The MCW Super Metrobus was one of the first 12m double deckers introduced in Hong Kong in the early 1980s. Until the late 1960s, Hong Kong operated standard length British buses. As the population and bus ridership grew in Hong Kong through the 1970s, British bus makers began to built stretched version of their regular UK buses for the Hong Kong market. To this day, more than 10 years after the UK returned Hong Kong to China, bus operators in Hong Kong still buy custom designed double deckers from British manufacturers.

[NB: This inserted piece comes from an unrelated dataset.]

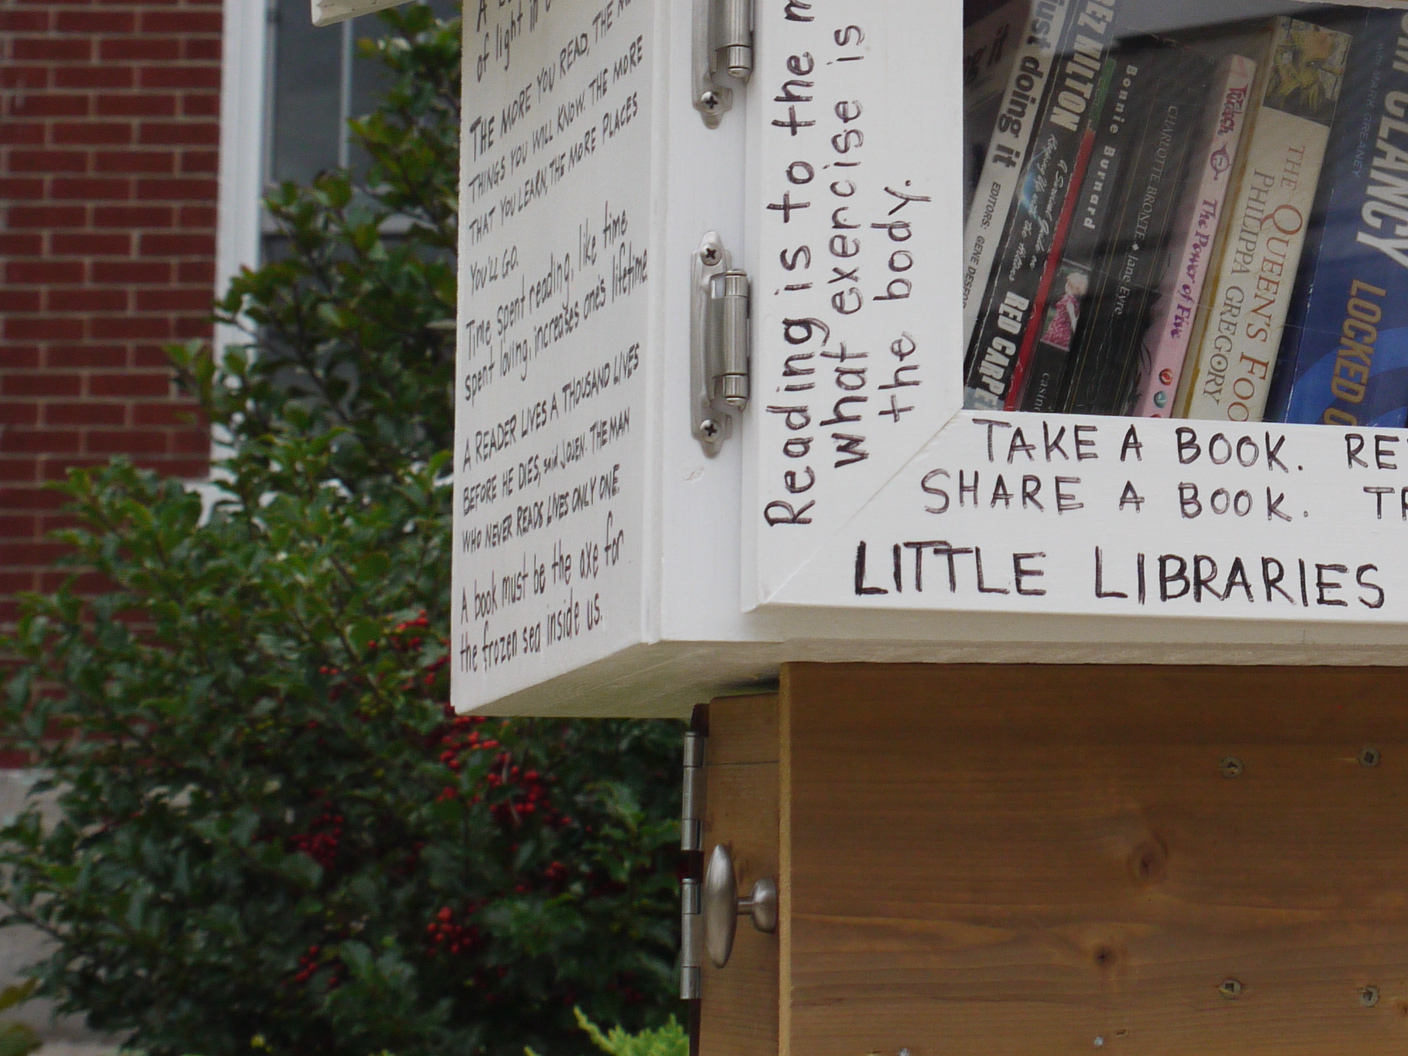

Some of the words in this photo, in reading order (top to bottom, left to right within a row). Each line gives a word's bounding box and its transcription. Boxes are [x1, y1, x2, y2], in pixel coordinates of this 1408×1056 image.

12m buses like the Super Metrobus were common in cross harbor routes which connect the Kowloon Peninsula with the Hong Kong Island. Since these route charge higher fares and are always crowded during the rush hours, bus operators depend on these routes to generate a profit. Unlike most other countries, Hong Kong bus operators do not receive direct subsidy from the government to purchase vehicles or for daily operation. Each bus operator in Hong Kong has to have some profitable routes so that it can continue as a sustainable business and maintain service on unprofitable, but necessary, routes.
In order to handle the extra passenger load, these buses have areas on the lower level just for standees with no seats installed. This model in particular, for some reason, the seatbacks have no padding.
Because these buses do not have air conditioning, they were retired by 2000. Today, some of these buses continue to run in Sydney and London as local tour buses.